Text-to-region grounding data:
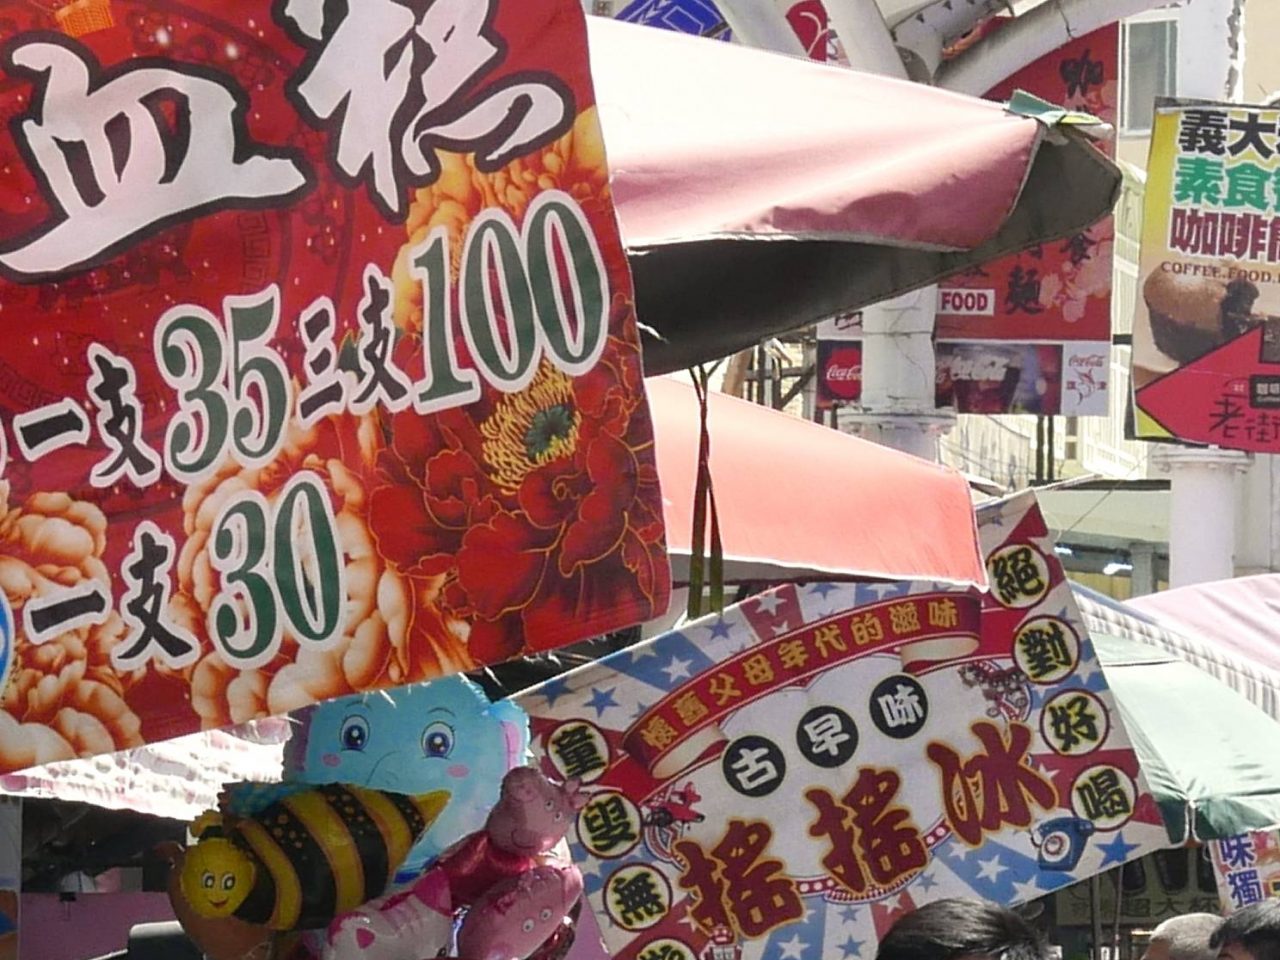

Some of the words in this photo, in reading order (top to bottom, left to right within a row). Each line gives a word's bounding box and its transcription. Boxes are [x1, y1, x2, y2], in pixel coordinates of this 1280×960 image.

[941, 292, 988, 311] FOOD
[28, 480, 342, 662] 一支30
[730, 683, 926, 788] 古早味
[986, 545, 1135, 822] 絕對好喝
[676, 720, 1058, 939] 搖搖冰
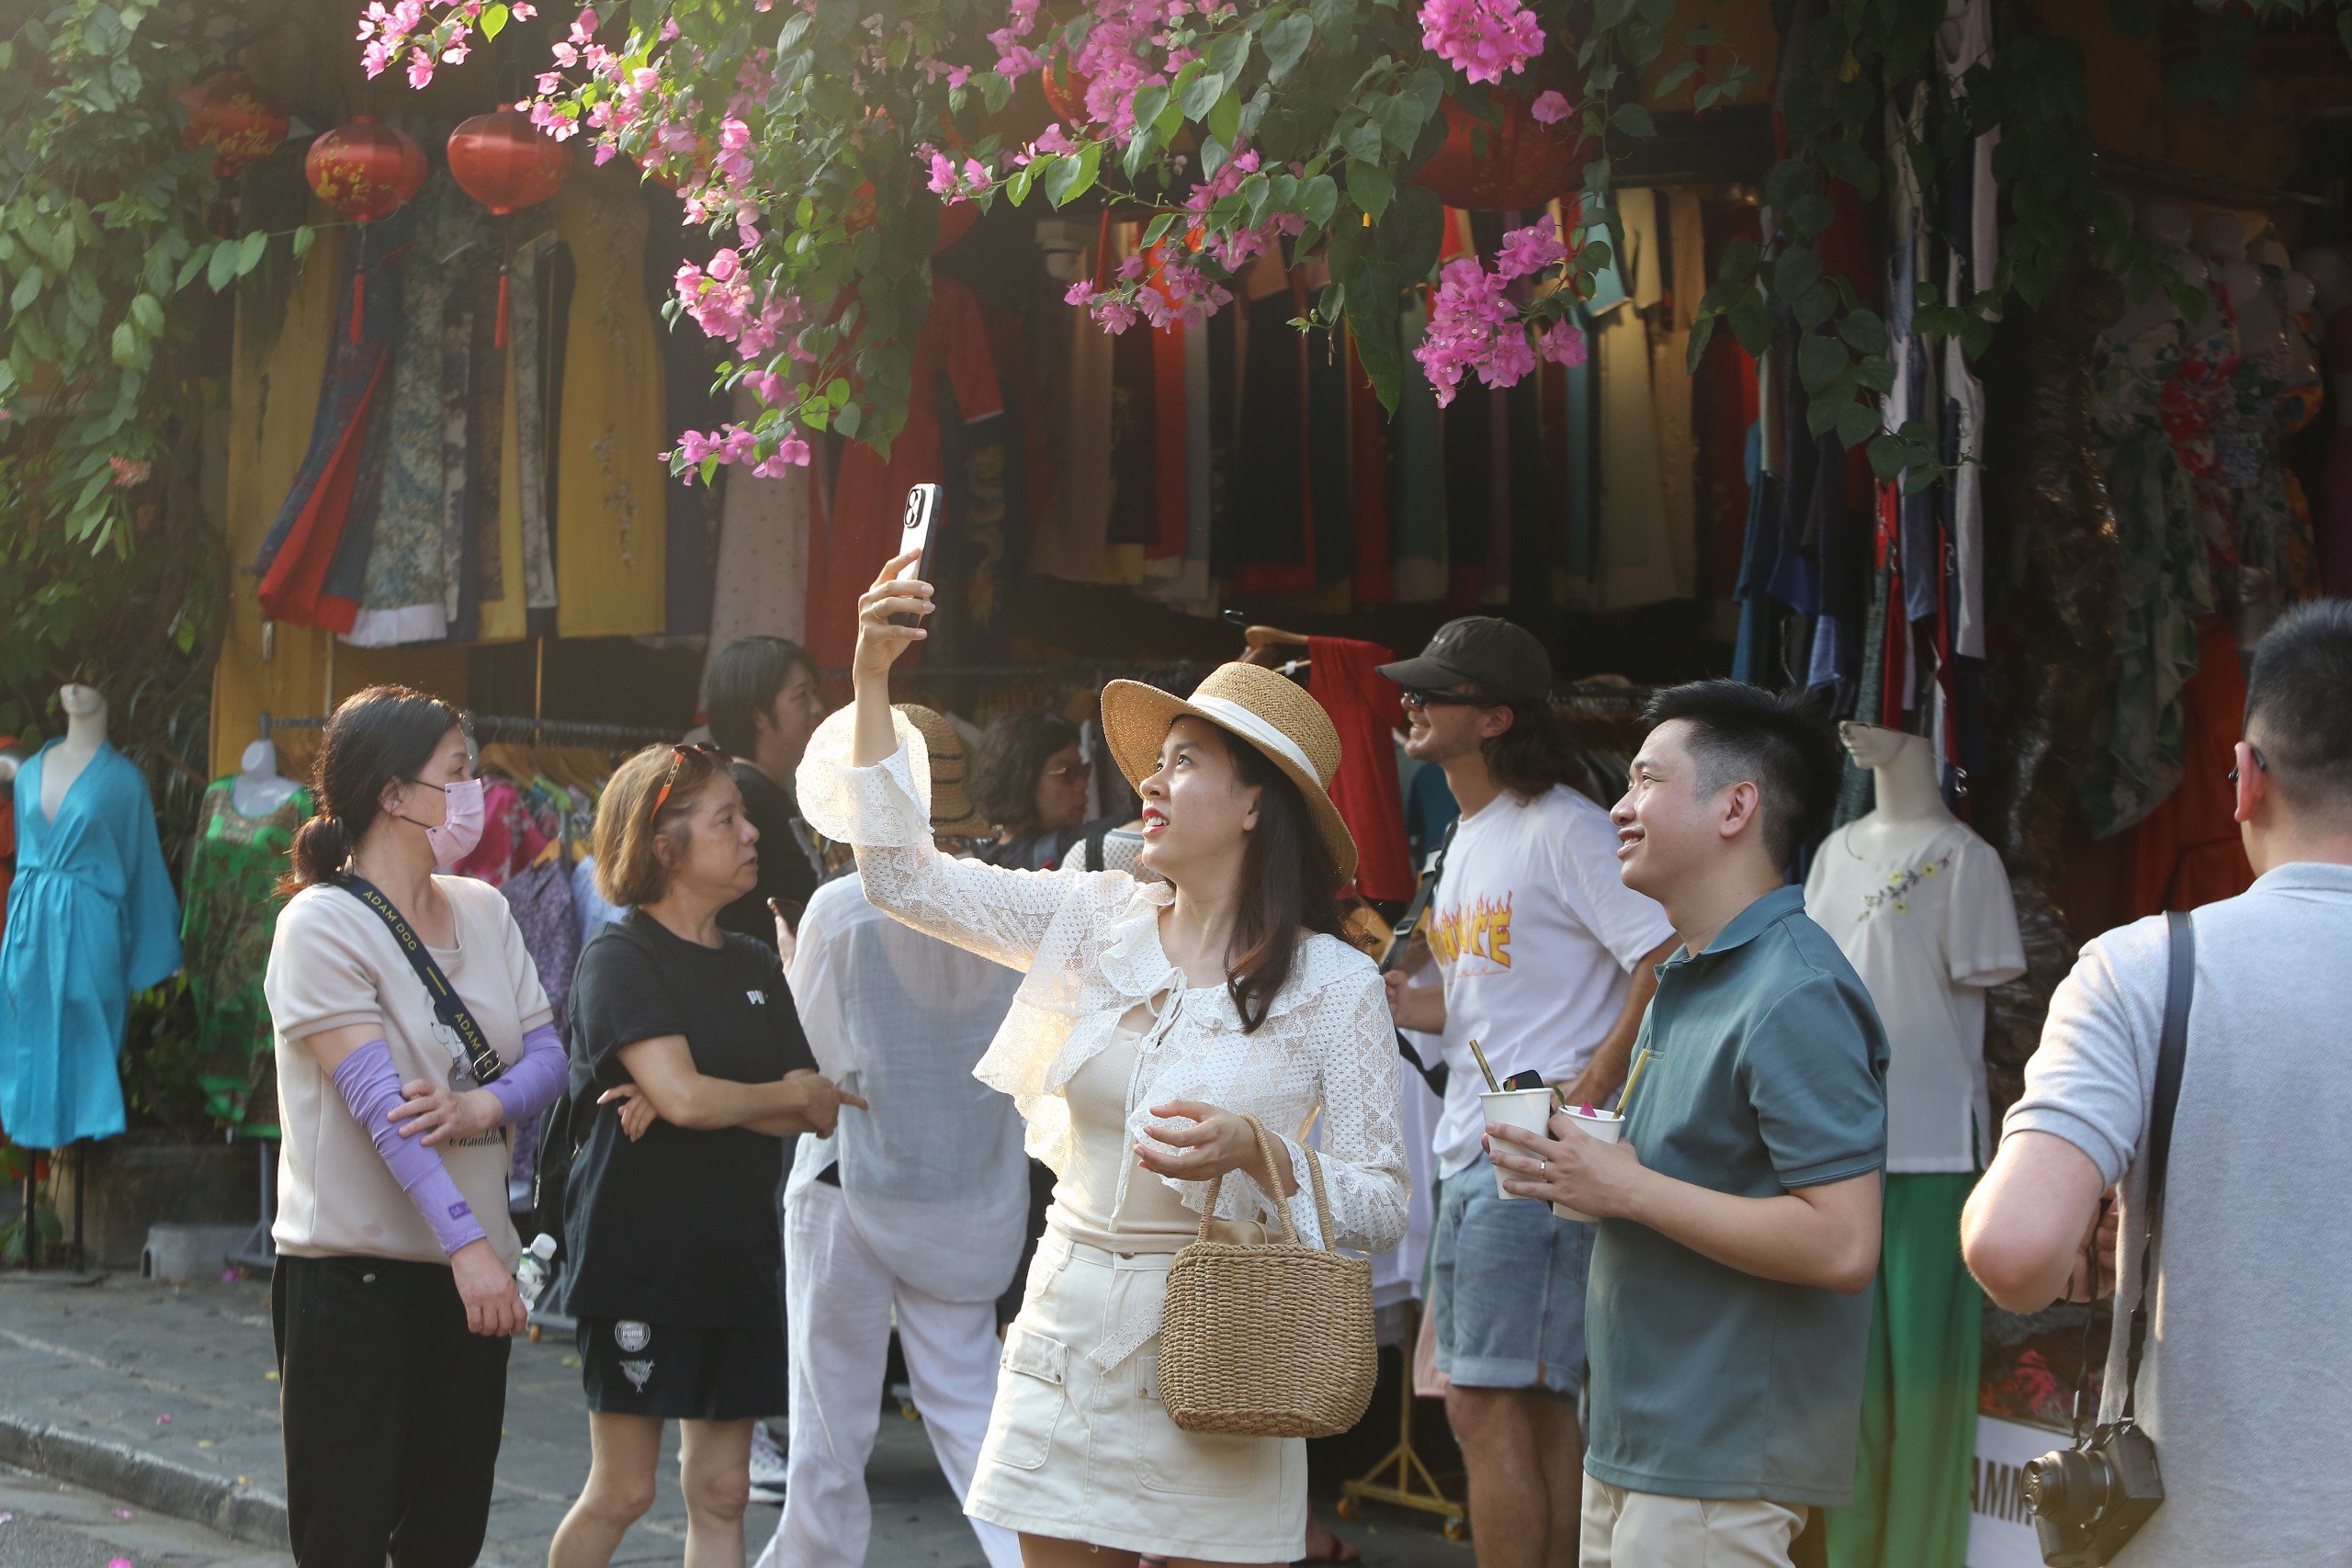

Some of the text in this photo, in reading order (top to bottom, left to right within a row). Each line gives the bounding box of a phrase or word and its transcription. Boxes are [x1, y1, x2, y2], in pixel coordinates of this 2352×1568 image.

[363, 890, 417, 951] ADAM DOG
[746, 990, 765, 1005] PU
[455, 1013, 481, 1050] ADAM

◆ TASK INSTRUCTIONS:
Leave out the images and repeat the rest of the data word for word.

◆ WRITTEN RESPONSE:
Some of the words in this photo, in reading order (top to bottom, left to right within a row). Each line gives a word's bounding box and its transcription. Boxes are [x1, y1, x2, y2], in pixel coordinates of this 1280×960 image.

[941, 292, 988, 311] FOOD
[28, 480, 342, 662] 一支30
[730, 683, 926, 788] 古早味
[986, 545, 1135, 822] 絕對好喝
[676, 720, 1058, 939] 搖搖冰

Some of the text in this photo, in reading order (top to bottom, left to right within a row). Each line gives the bounding box of a phrase or word and its transcription. Boxes are [x1, y1, x2, y2], in pixel coordinates of this 2352×1568 image.

[363, 890, 417, 951] ADAM DOG
[746, 990, 765, 1005] PU
[455, 1013, 481, 1050] ADAM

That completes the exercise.